Raporda, dünya üzerindeki nehirlerin %7’si için veri bulunmadığı, %45’inin ise normalin altında veya çok altında deşarj seviyelerine sahip olduğu belirtiliyor. Özellikle, geçtiğimiz yıl rekor düşük su seviyelerinin yaşandığı Amazon Nehri havzasında bu durumun etkileri oldukça büyük oldu. Kuraklık, hem insanlar hem de hayvanlar üzerinde derin izler bıraktı; örneğin, nehirdeki yunusların 120’den fazlası ölü bulundu.

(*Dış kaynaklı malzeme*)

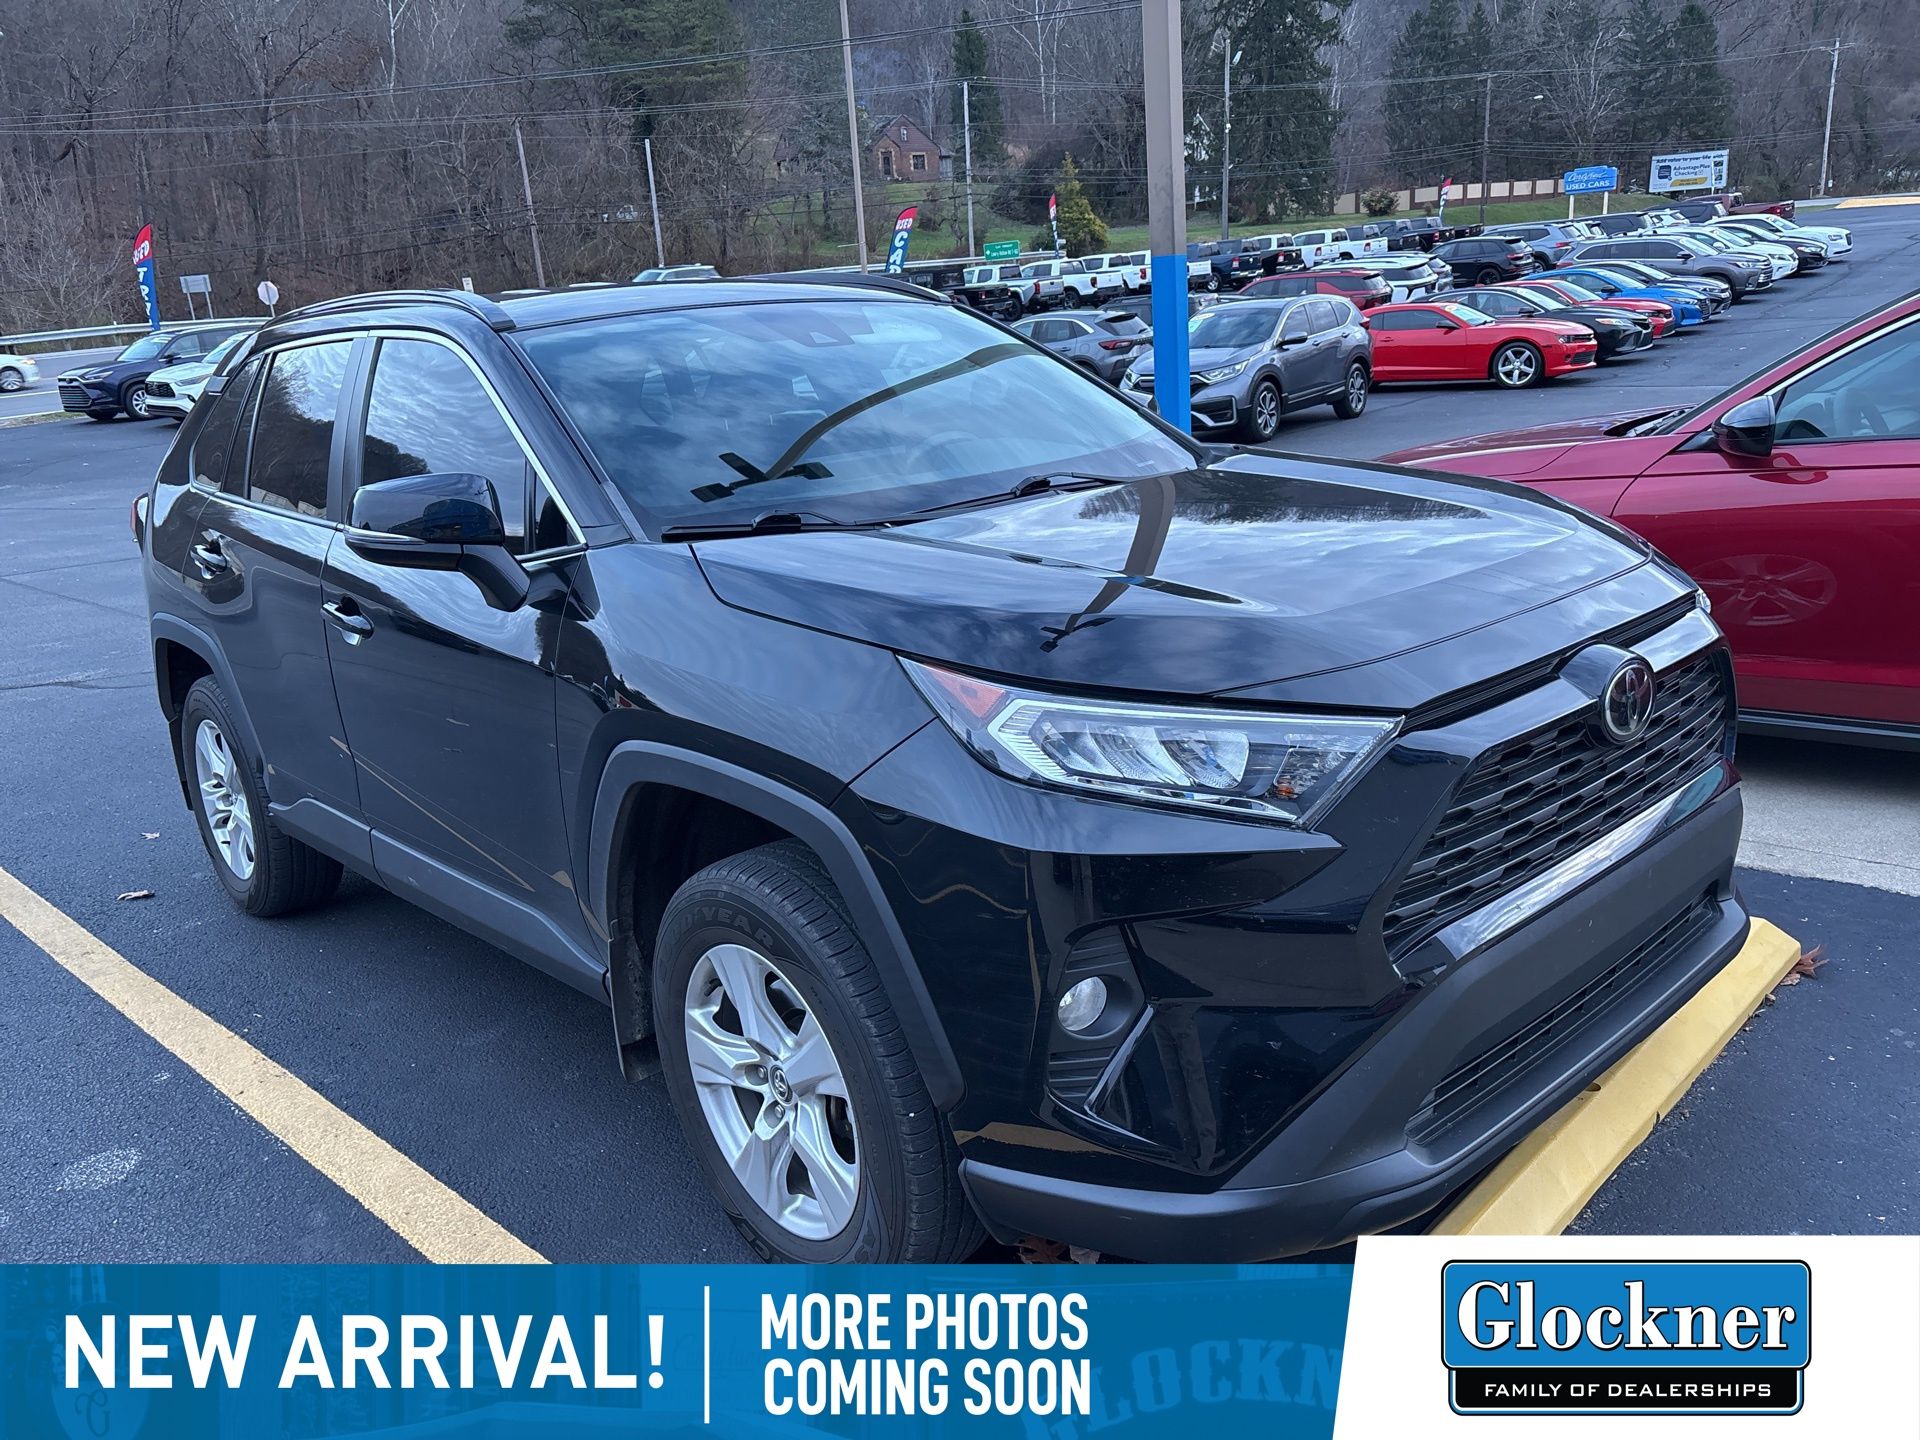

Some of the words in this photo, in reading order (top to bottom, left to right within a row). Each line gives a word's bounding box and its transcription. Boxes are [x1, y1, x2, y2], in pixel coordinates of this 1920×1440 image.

Ancak, tüm nehirler bu kadar kuru değildi. 2023 yılında, nehirlerin %17’sinin deşarjı normal seviyelerin üzerinde ya da çok üzerinde seyretti. Örneğin, doğu Afrika’daki birçok ülke, aşırı yağışlar nedeniyle ölüm ve yerinden edilmelere yol açan yıkıcı sellerle karşı karşıya kaldı. Raporda, bu sellerin “muhtemelen El Niño koşulları tarafından tetiklendiği” vurgulanıyor. Ayrıca, insan kaynaklı iklim değişikliğinin de bazı olaylarda etkili olduğu öne sürülmekte.
DMÖ Genel Sekreteri Celeste Saulo, yaptığı açıklamada, “Yükselen sıcaklıkların bir sonucu olarak hidrolojik döngünün hızlandığını” belirtti ve ekledi: “Ayrıca bu döngü daha düzensiz ve öngörülemez hale geldi; artık çok fazla veya çok az su sorunu ile karşı karşıyayız.” Saulo, dünya sularında yaşanan bu aşırı olayların iklim değişikliğinin önemli bir göstergesi olduğunu dile getirerek, artan aşırı yağışlar, seller ve kuraklıkların büyük bir sıkıntı sinyali olduğunu vurguladı.

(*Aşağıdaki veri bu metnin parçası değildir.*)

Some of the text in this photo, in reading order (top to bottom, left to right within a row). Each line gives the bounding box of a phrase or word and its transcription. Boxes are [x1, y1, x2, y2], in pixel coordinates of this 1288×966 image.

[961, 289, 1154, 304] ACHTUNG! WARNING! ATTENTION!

Seller ve kuraklıkların yarattığı ekolojik ve ekonomik etkilerin yanı sıra, buzulların erimesi gibi küresel ısınma etkileri de milyonlarca insanın su güvenliğini uzun vadede tehdit ediyor. Bu durum, dünya genelinde su kaynaklarının yönetimi ve korunması konusunda acil önlemler alınması gerektiğinin altını çizmektedir.